DESCRIPTION OF THE TASK => Word for word, repeat all of the entries.

[Referring expression grounding data]
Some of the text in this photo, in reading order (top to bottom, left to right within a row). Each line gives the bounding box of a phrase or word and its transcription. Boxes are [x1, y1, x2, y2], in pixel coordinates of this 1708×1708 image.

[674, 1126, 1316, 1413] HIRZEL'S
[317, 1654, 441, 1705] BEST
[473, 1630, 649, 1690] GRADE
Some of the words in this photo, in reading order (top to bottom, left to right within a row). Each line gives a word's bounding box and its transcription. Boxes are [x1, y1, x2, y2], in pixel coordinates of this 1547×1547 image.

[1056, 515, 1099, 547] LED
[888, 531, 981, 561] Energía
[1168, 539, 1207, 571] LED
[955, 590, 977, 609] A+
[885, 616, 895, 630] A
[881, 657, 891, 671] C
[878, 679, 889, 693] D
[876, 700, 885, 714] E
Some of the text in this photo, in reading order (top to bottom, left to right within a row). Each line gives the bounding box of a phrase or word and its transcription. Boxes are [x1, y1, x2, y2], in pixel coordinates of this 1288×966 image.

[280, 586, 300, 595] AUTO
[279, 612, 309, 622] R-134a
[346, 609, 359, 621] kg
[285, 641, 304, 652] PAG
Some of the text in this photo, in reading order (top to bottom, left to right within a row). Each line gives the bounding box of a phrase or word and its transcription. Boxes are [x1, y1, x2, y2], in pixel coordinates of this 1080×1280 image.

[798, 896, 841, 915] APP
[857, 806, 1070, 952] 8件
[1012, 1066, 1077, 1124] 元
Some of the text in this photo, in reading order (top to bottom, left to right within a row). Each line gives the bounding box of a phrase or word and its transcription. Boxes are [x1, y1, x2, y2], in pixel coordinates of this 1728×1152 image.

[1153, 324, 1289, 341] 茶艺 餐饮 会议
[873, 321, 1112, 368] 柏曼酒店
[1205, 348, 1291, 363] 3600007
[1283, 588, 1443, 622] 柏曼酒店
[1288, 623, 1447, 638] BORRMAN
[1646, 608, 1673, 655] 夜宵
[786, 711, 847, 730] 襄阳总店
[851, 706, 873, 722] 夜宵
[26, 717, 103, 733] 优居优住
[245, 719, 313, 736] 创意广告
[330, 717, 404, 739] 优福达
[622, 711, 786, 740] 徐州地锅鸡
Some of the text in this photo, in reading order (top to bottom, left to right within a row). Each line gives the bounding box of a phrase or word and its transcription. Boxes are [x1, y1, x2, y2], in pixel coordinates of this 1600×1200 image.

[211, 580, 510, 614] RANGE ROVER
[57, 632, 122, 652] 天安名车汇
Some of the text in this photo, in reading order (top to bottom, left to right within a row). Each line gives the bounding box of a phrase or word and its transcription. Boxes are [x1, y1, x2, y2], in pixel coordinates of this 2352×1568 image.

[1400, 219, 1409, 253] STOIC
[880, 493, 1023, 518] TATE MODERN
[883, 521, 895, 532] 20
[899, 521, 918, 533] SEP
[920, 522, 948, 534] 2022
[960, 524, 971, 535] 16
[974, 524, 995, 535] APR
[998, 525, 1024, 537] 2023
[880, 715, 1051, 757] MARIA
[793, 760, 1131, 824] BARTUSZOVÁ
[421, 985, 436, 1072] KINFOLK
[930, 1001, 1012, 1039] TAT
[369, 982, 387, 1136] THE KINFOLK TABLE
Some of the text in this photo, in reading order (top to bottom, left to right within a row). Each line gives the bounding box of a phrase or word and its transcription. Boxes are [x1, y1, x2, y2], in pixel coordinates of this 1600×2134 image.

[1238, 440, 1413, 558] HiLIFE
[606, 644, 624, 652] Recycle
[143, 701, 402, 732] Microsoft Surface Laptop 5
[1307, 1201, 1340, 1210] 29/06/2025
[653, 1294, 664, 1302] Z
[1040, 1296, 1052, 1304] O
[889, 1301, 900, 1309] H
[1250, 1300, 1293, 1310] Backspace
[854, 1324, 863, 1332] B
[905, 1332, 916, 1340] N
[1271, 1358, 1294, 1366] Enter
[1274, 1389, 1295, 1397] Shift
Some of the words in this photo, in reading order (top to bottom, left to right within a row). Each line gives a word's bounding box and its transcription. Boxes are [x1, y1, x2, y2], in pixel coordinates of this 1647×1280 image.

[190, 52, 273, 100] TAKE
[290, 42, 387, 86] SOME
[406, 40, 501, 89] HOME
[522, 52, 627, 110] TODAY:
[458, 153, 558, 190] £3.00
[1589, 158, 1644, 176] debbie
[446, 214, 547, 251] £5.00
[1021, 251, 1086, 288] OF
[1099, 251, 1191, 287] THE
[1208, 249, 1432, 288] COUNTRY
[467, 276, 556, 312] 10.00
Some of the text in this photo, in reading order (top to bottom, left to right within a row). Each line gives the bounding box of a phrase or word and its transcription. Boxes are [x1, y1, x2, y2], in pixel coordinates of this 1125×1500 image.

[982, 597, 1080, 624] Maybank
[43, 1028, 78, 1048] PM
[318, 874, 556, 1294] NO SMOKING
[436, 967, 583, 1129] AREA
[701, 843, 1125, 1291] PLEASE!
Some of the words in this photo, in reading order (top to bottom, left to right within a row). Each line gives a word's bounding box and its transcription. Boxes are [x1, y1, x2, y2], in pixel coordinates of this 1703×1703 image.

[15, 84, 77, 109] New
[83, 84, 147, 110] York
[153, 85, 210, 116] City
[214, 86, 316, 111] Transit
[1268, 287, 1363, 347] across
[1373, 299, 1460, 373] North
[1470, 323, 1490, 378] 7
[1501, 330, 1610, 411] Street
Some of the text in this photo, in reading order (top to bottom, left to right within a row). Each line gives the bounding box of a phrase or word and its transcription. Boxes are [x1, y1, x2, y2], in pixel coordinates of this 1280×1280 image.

ANSWER SPACE =>
Some of the text in this photo, in reading order (top to bottom, left to right within a row). Each line gives the bounding box of a phrase or word and its transcription. Boxes are [x1, y1, x2, y2], in pixel coordinates of this 1708×1708 image.

[674, 1126, 1316, 1413] HIRZEL'S
[317, 1654, 441, 1705] BEST
[473, 1630, 649, 1690] GRADE
Some of the words in this photo, in reading order (top to bottom, left to right within a row). Each line gives a word's bounding box and its transcription. Boxes are [x1, y1, x2, y2], in pixel coordinates of this 1547×1547 image.

[1056, 515, 1099, 547] LED
[888, 531, 981, 561] Energía
[1168, 539, 1207, 571] LED
[955, 590, 977, 609] A+
[885, 616, 895, 630] A
[881, 657, 891, 671] C
[878, 679, 889, 693] D
[876, 700, 885, 714] E
Some of the text in this photo, in reading order (top to bottom, left to right within a row). Each line gives the bounding box of a phrase or word and its transcription. Boxes are [x1, y1, x2, y2], in pixel coordinates of this 1288×966 image.

[280, 586, 300, 595] AUTO
[279, 612, 309, 622] R-134a
[346, 609, 359, 621] kg
[285, 641, 304, 652] PAG
Some of the text in this photo, in reading order (top to bottom, left to right within a row). Each line gives the bounding box of a phrase or word and its transcription. Boxes are [x1, y1, x2, y2], in pixel coordinates of this 1080×1280 image.

[798, 896, 841, 915] APP
[857, 806, 1070, 952] 8件
[1012, 1066, 1077, 1124] 元
Some of the text in this photo, in reading order (top to bottom, left to right within a row). Each line gives the bounding box of a phrase or word and its transcription. Boxes are [x1, y1, x2, y2], in pixel coordinates of this 1728×1152 image.

[1153, 324, 1289, 341] 茶艺 餐饮 会议
[873, 321, 1112, 368] 柏曼酒店
[1205, 348, 1291, 363] 3600007
[1283, 588, 1443, 622] 柏曼酒店
[1288, 623, 1447, 638] BORRMAN
[1646, 608, 1673, 655] 夜宵
[786, 711, 847, 730] 襄阳总店
[851, 706, 873, 722] 夜宵
[26, 717, 103, 733] 优居优住
[245, 719, 313, 736] 创意广告
[330, 717, 404, 739] 优福达
[622, 711, 786, 740] 徐州地锅鸡
Some of the text in this photo, in reading order (top to bottom, left to right within a row). Each line gives the bounding box of a phrase or word and its transcription. Boxes are [x1, y1, x2, y2], in pixel coordinates of this 1600×1200 image.

[211, 580, 510, 614] RANGE ROVER
[57, 632, 122, 652] 天安名车汇
Some of the text in this photo, in reading order (top to bottom, left to right within a row). Each line gives the bounding box of a phrase or word and its transcription. Boxes are [x1, y1, x2, y2], in pixel coordinates of this 2352×1568 image.

[1400, 219, 1409, 253] STOIC
[880, 493, 1023, 518] TATE MODERN
[883, 521, 895, 532] 20
[899, 521, 918, 533] SEP
[920, 522, 948, 534] 2022
[960, 524, 971, 535] 16
[974, 524, 995, 535] APR
[998, 525, 1024, 537] 2023
[880, 715, 1051, 757] MARIA
[793, 760, 1131, 824] BARTUSZOVÁ
[421, 985, 436, 1072] KINFOLK
[930, 1001, 1012, 1039] TAT
[369, 982, 387, 1136] THE KINFOLK TABLE
Some of the text in this photo, in reading order (top to bottom, left to right within a row). Each line gives the bounding box of a phrase or word and its transcription. Boxes are [x1, y1, x2, y2], in pixel coordinates of this 1600×2134 image.

[1238, 440, 1413, 558] HiLIFE
[606, 644, 624, 652] Recycle
[143, 701, 402, 732] Microsoft Surface Laptop 5
[1307, 1201, 1340, 1210] 29/06/2025
[653, 1294, 664, 1302] Z
[1040, 1296, 1052, 1304] O
[889, 1301, 900, 1309] H
[1250, 1300, 1293, 1310] Backspace
[854, 1324, 863, 1332] B
[905, 1332, 916, 1340] N
[1271, 1358, 1294, 1366] Enter
[1274, 1389, 1295, 1397] Shift
Some of the words in this photo, in reading order (top to bottom, left to right within a row). Each line gives a word's bounding box and its transcription. Boxes are [x1, y1, x2, y2], in pixel coordinates of this 1647×1280 image.

[190, 52, 273, 100] TAKE
[290, 42, 387, 86] SOME
[406, 40, 501, 89] HOME
[522, 52, 627, 110] TODAY:
[458, 153, 558, 190] £3.00
[1589, 158, 1644, 176] debbie
[446, 214, 547, 251] £5.00
[1021, 251, 1086, 288] OF
[1099, 251, 1191, 287] THE
[1208, 249, 1432, 288] COUNTRY
[467, 276, 556, 312] 10.00
Some of the text in this photo, in reading order (top to bottom, left to right within a row). Each line gives the bounding box of a phrase or word and its transcription. Boxes are [x1, y1, x2, y2], in pixel coordinates of this 1125×1500 image.

[982, 597, 1080, 624] Maybank
[43, 1028, 78, 1048] PM
[318, 874, 556, 1294] NO SMOKING
[436, 967, 583, 1129] AREA
[701, 843, 1125, 1291] PLEASE!
Some of the words in this photo, in reading order (top to bottom, left to right within a row). Each line gives a word's bounding box and its transcription. Boxes are [x1, y1, x2, y2], in pixel coordinates of this 1703×1703 image.

[15, 84, 77, 109] New
[83, 84, 147, 110] York
[153, 85, 210, 116] City
[214, 86, 316, 111] Transit
[1268, 287, 1363, 347] across
[1373, 299, 1460, 373] North
[1470, 323, 1490, 378] 7
[1501, 330, 1610, 411] Street
Some of the text in this photo, in reading order (top to bottom, left to right within a row). Each line gives the bounding box of a phrase or word and its transcription. Boxes are [x1, y1, x2, y2], in pixel coordinates of this 1280×1280 image.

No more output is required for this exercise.